Pete and Liesl Hypki remember well the day they began their journey toward the hearts and lives of the Nahuatl people and the remote village in the quiet of the mountains that they now call their home.
They remember pulling away from the border crossing and viewing the desert spreading out in front of them. Only a road and some scuttling tumbleweeds broke up the endless stretches of sand.
“It was a little like a scene from a bad western,” Pete says. “It was different. It was new. It was unknown.”
The months and years that followed have brought change and more change. Geography, living quarters, culture, language, climate—the adjustments have seemed endless.
Because the steadfast grace of God has held them firmly, “We have embraced the changes, excited for what God had next,” Pete explains.

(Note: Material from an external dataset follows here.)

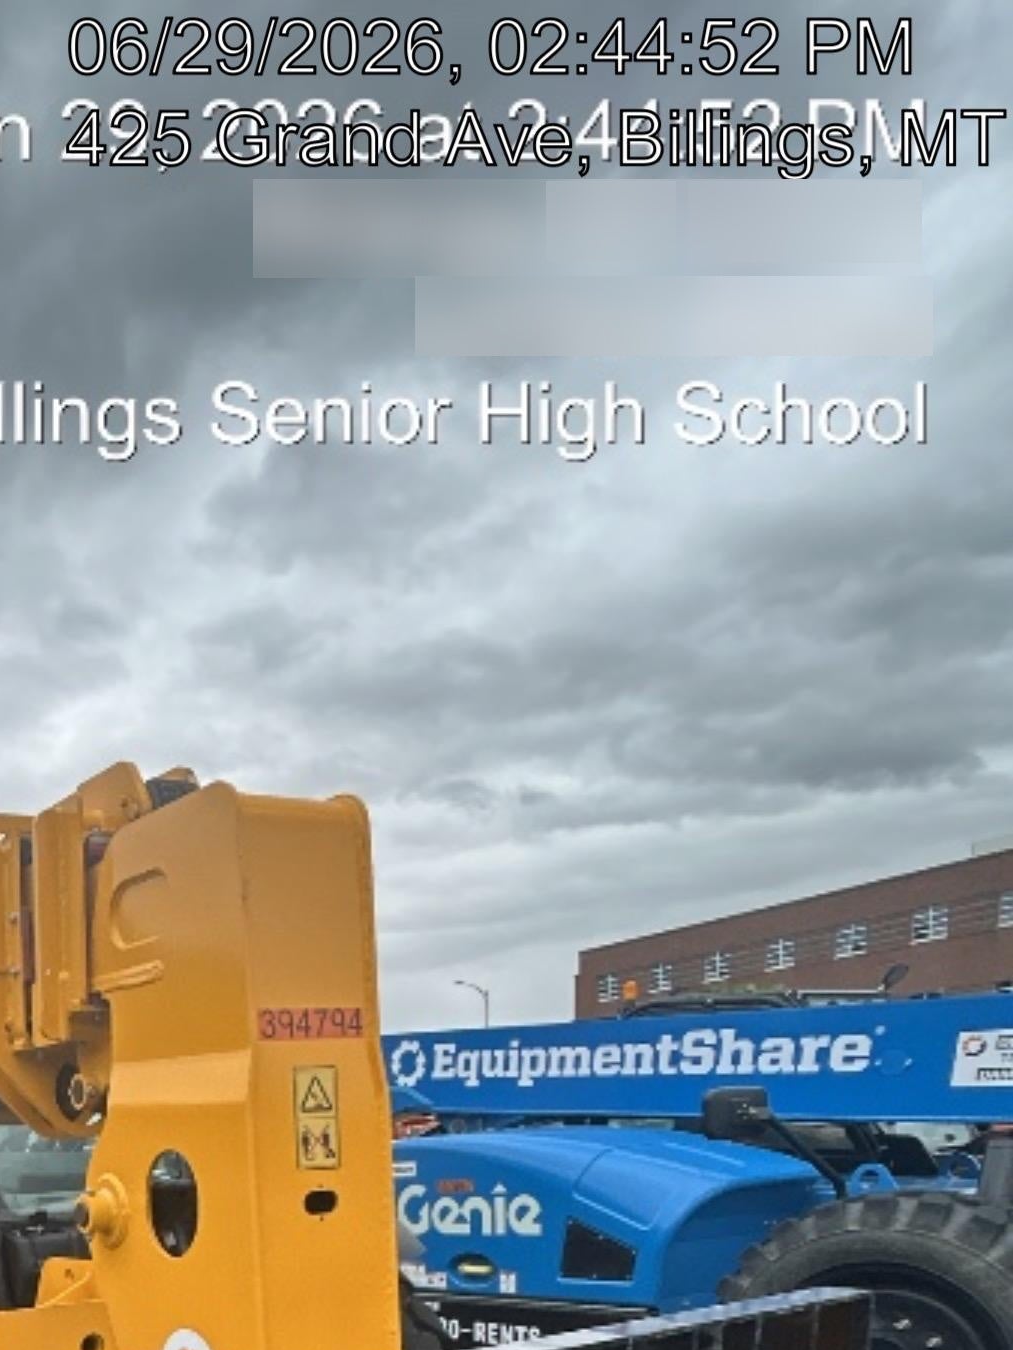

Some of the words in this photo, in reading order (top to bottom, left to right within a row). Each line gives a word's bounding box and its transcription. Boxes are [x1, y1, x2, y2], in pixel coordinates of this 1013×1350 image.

[258, 1008, 363, 1039] 394794
[432, 1028, 874, 1086] EquipmentShare
[398, 1181, 544, 1237] Genie
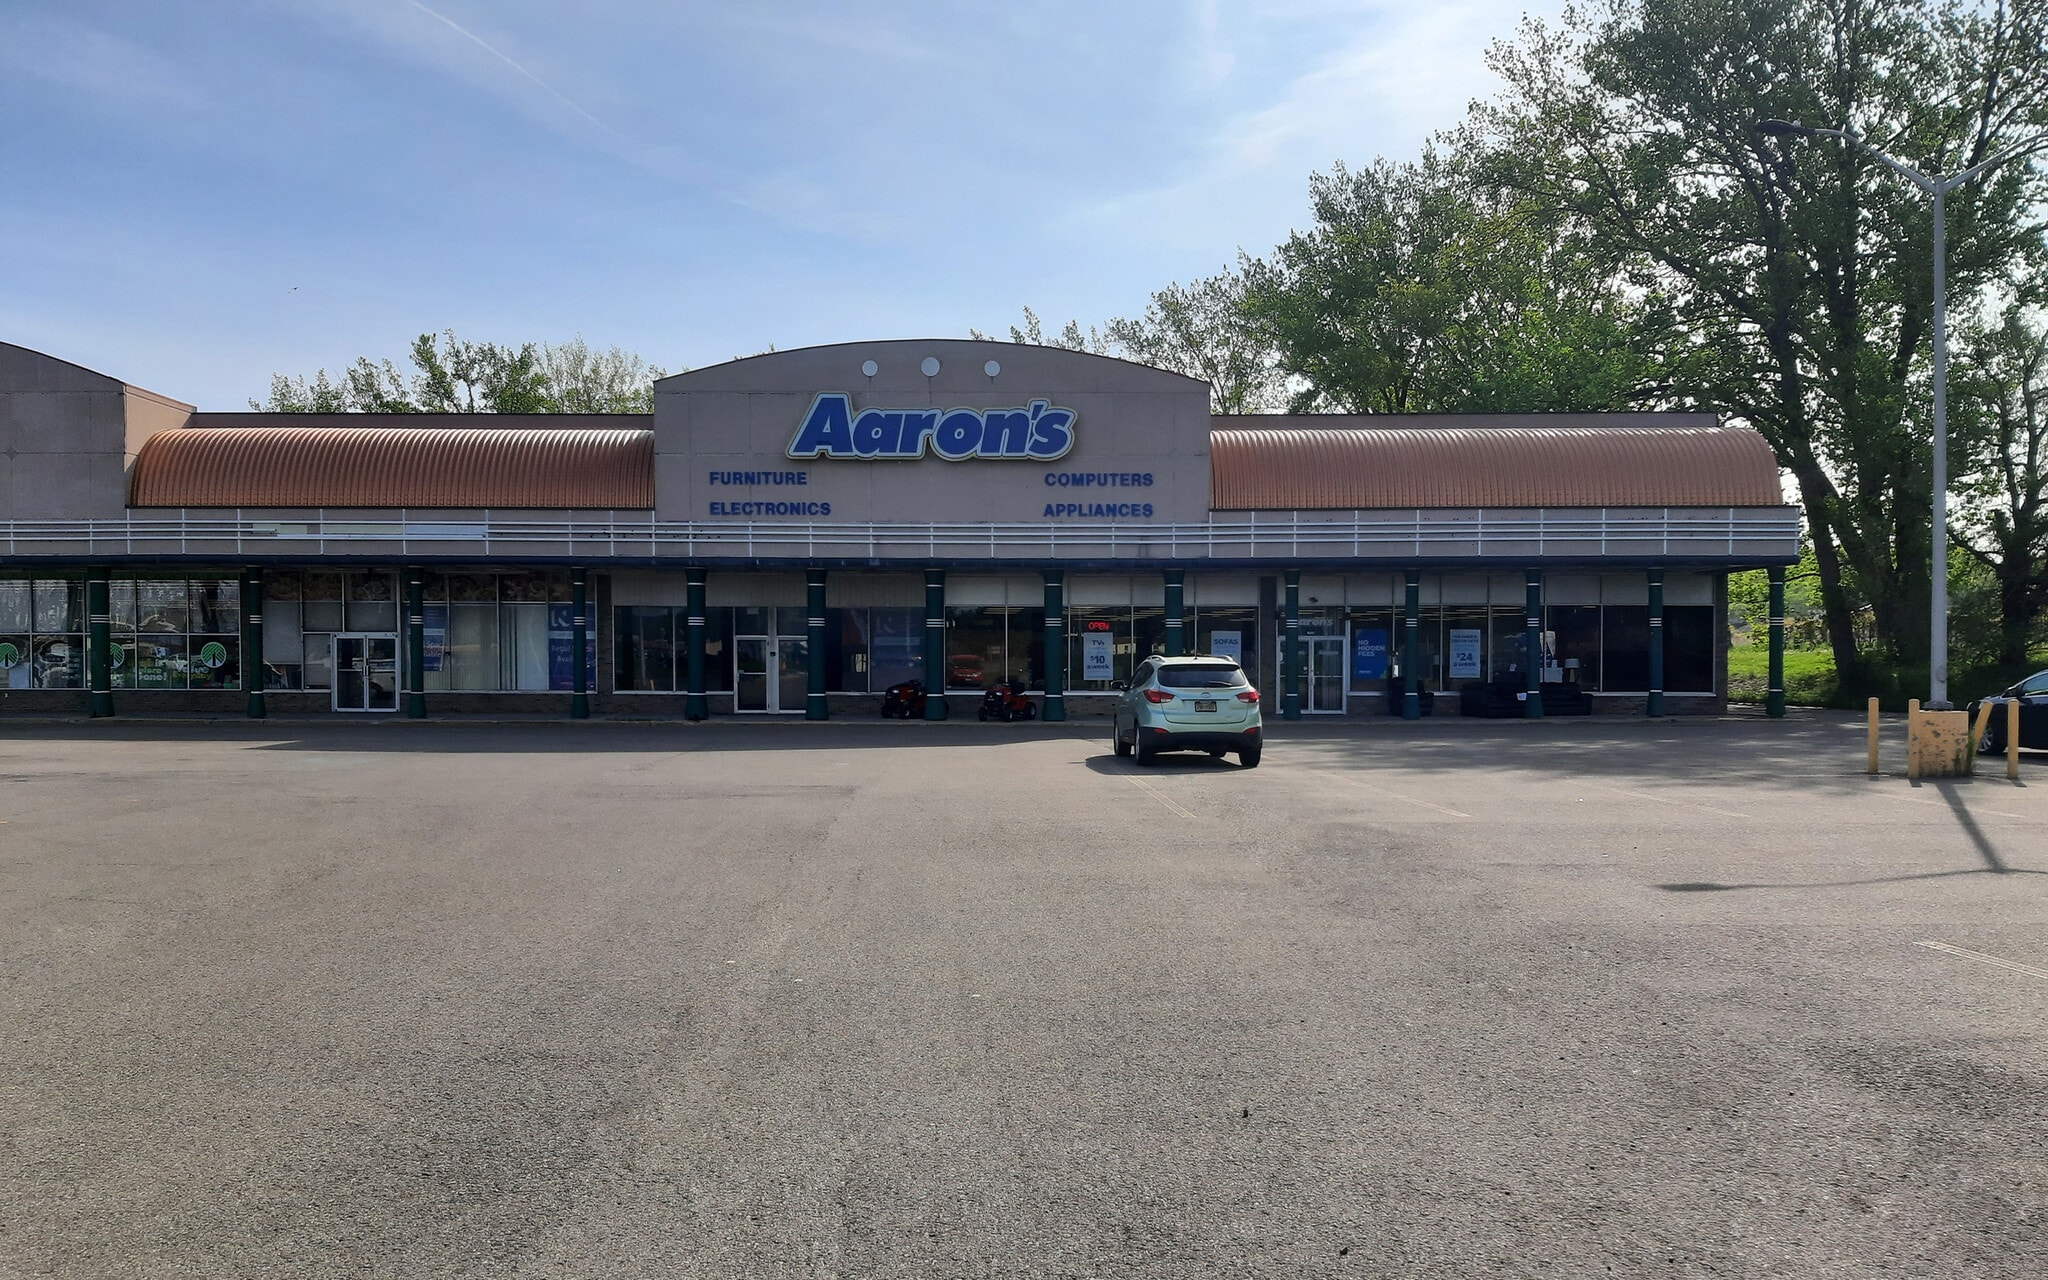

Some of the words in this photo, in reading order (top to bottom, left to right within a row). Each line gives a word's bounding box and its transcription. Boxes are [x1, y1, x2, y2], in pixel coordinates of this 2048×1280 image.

And now, four years after that border crossing, they are up for more adventure. “We find ourselves looking forward again,” Pete explains. “After testing out of Nahuatl language study, we are moving into the most exciting and intimidating phase of this grand plan—church planting!”
While their ministry partners work on literacy and Bible translation, the Hypkis’ part is to begin work on a curriculum of Bible lessons that will share with the Nahuatl people the grand scope of God’s plan for redemption, beginning with Creation.
It’s a new level of challenge, Pete says.
It’s about communicating God’s love – a love so great that He sacrificed His own Son for their pardon – to people who are locked in a view of His unrelenting vengeance and wrath. It’s presenting the Creator Who controls the universe and made man in His image, to people who have believed for generations that ancestors and patron spirits manipulate the weather and seasons and that women descend from dogs.
Ultimately, it’s about presenting God’s offer of peace and hope, because of His great love.
But Pete wonders, “How do you share the love of God with a people who have no word for ‘love’? Who can’t even describe the feelings that a parent has for a child?”
These unknowns of the next leg of their adventure are larger than they can imagine right now and Pete and Liesl know it well.
“Frankly, we know it’s a task much bigger than us or our team,” Pete acknowledges.
But the Hypkis are confident in the ongoing faithfulness of the God Who has led them faithfully this far and Pete shares a verse that is often on his mind. “He made (Christ) Who knew no sin to be sin for us, that we might become the righteousness of God in Him.” (2 Cor. 5:21)
“If He became sin for us,” Pete expresses, “the least we can do is find a Nahuatl word for ‘love’.”